Anyway, despite the steroids, I'm getting tired and it's 1.30am and I am actually going in to the office tomorrow afternoon, ha! So I'd better try and get some sleep. I'll try and dream nice things about 2015 when everything is going to work out just fine.

Night night xx

Tuesday, 2 December 2014


I've just been for my appointment with my oncologist in advance of my final blast of chemo. She said my blood levels are all fine, so chemo can go ahead on time tomorrow. This is a massive relief - I get to be well for the run up to Christmas.

She also wanted to examine me. I told her that when others have examined me, they couldn't feel the lump anyway, but she insisted, so she did, and straight away she said she felt a hole. Not a lump, a hole. Where the tumour used to be. She had a big smile on her face, and told me the chemo had been doing its job. I didn't believe her, and she got me to have a good old grope of myself but I couldn't tell what she meant.
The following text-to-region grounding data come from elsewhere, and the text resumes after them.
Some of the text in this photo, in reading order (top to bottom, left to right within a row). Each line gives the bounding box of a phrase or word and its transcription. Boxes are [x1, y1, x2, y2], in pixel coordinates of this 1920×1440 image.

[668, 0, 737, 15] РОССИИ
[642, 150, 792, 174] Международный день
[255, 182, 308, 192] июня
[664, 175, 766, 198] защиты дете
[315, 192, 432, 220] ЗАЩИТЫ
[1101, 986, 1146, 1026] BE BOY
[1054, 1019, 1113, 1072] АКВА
But she was convinced that there isn't a tumour there and that she can feel a hole in the place it used to be. I don't know what to think. If she's right, this is obviously incredible news. But the oncologist having a good manual rummage round isn't the same as a scan. So I have thought about it and decided to not believe her. Why get my hopes up. In my experience that doesn't tend to work out well.
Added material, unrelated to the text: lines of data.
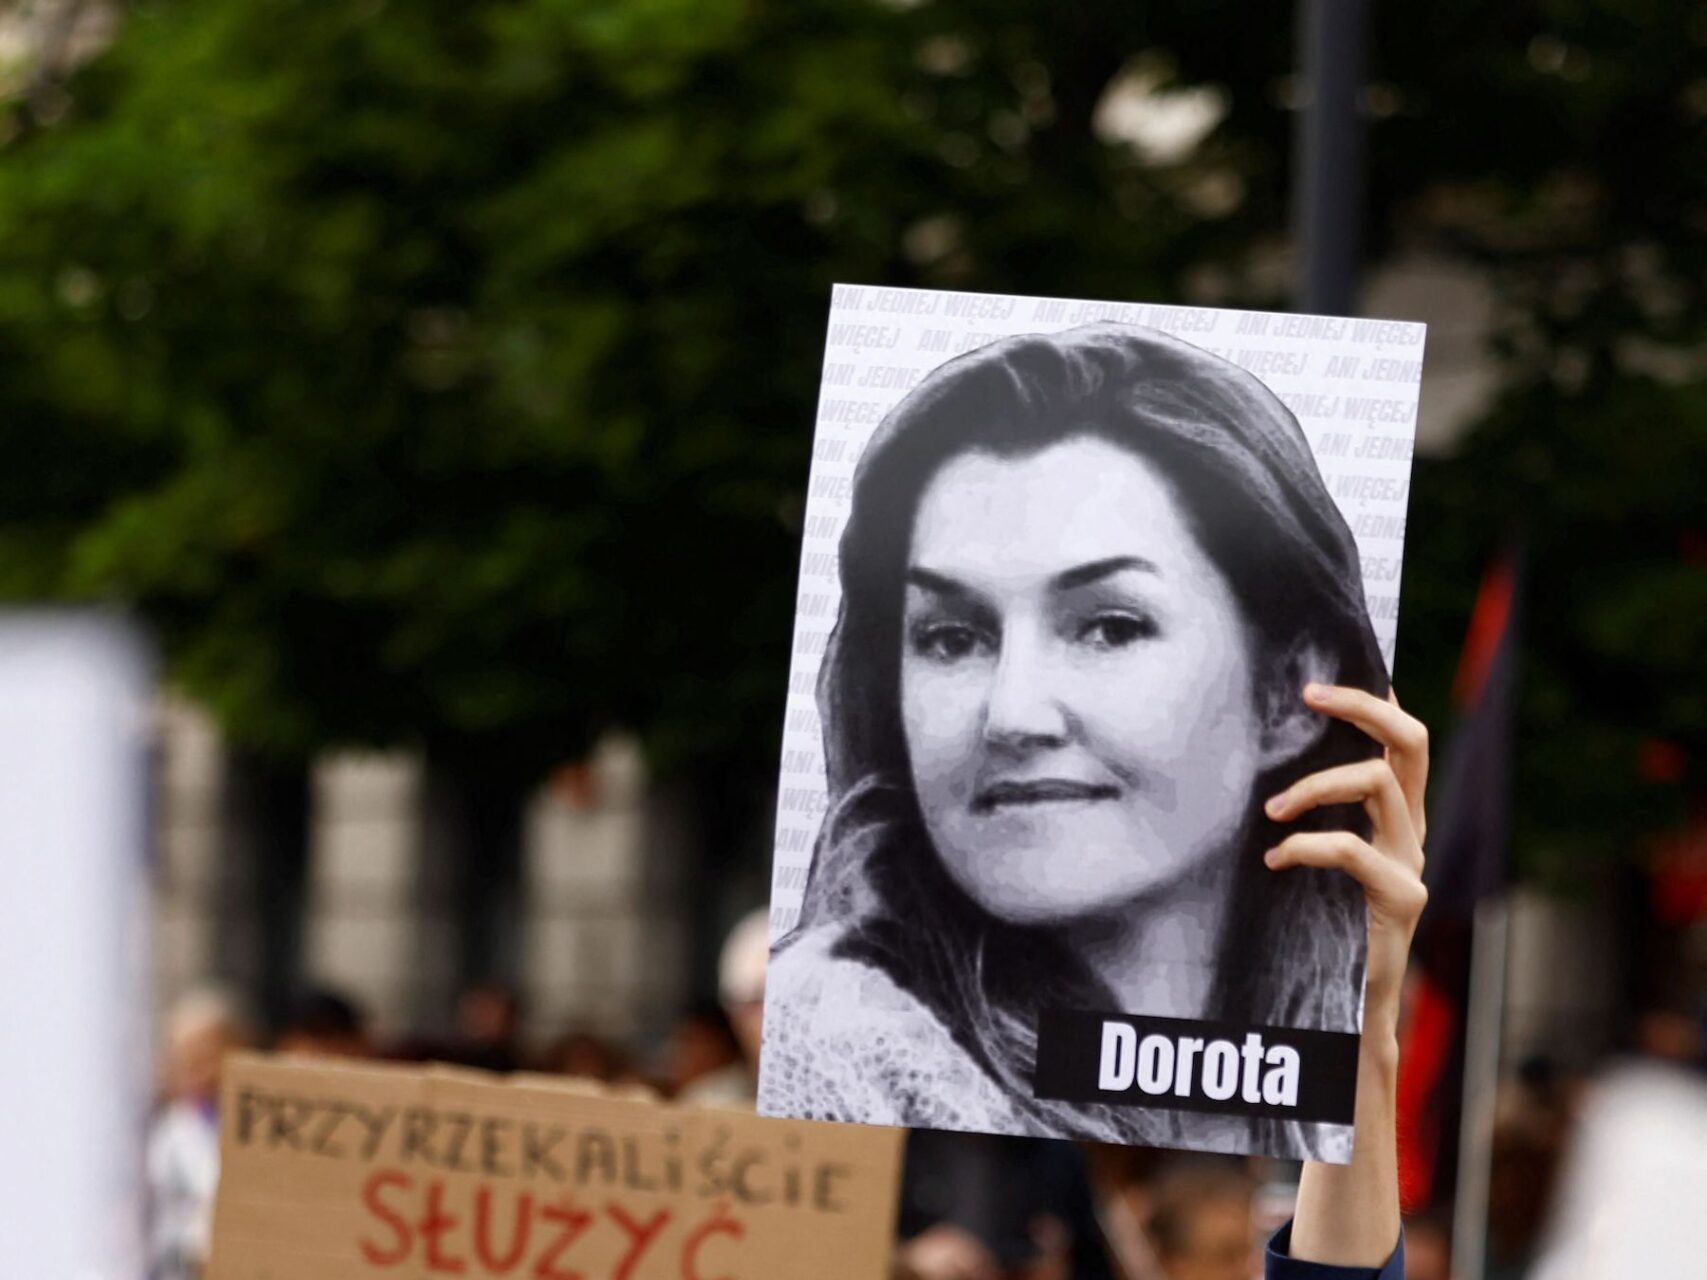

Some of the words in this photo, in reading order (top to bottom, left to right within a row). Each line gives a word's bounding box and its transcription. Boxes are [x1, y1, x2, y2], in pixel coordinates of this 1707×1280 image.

[866, 290, 941, 315] JEDNEJ
[943, 294, 1017, 326] WIĘCEJ
[1032, 300, 1068, 323] ANI
[1235, 312, 1271, 336] ANI
[1273, 315, 1348, 341] JEDNEJ
[1351, 320, 1425, 351] WIĘCEJ
[829, 323, 902, 354] WIĘCEJ
[916, 329, 953, 352] ANI
[1323, 355, 1361, 379] ANI
[1342, 396, 1417, 429] WIĘCEJ
[1315, 432, 1352, 457] ANI
[1334, 474, 1409, 507] WIĘCEJ
[1098, 1021, 1300, 1107] Dorota
I told her I was prepared for chemo to not make any difference, because mine is a grade 1 tumour, and I thought that grade 1, slow growing tumours, didn't respond so well to chemo. She said my tumour might look grade 1 under the microscope, but it's in my lymph nodes, so the "grade 1" is irrelevant. It isn't behaving like a grade 1 tumour. I guess I already knew this but hearing it frightened me.
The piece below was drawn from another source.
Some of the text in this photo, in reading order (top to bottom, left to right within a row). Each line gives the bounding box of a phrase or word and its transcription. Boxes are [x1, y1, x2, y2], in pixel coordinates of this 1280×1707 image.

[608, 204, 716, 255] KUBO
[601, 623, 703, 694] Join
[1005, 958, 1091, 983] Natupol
She said that when I meet with the surgeon I should consider delayed reconstruction. Lob the cancer out, have radiotherapy, and then further down the line have reconstruction. Better cosmetic results apparently. This frightened me. I'm scared of one surgery. I don't want multiple surgeries.

And then she said that after all that, I will go on tamoxifen which is a drug that stops estrogen fuelling any estrogen receptor positive cancer cells (this is the type of cancer I have - estrogen receptor positive). I told her that I'd been told tamoxifen wasn't an option for me, because I have a family history of blood clots. I said that I thought if I could have ovaries out, that would do the same job as tamoxifen because that would mean there wouldn't be estrogen being produced in my body. She said that there would still be estrogen in my body from other places, and she is referring me for testing to see if I personally am at risk of blood clotting, because tamoxifen is the best drug they can give me and she wants me to have it. So this frightened me, because if I can't have tamoxifen then I guess I'm not getting the best drugs to prevent recurrence, but if I do have tamoxifen I am frightened of getting a blood clot and dying from that.

I should be happy right now. I can have my last chemo on time, and the oncologist thinks my tumour has gone.

But I am just really, really frightened. I have that small feeling again. Like I am just so small, and everything is just so scary. I wish someone could just make it better. I'm not cut out for this.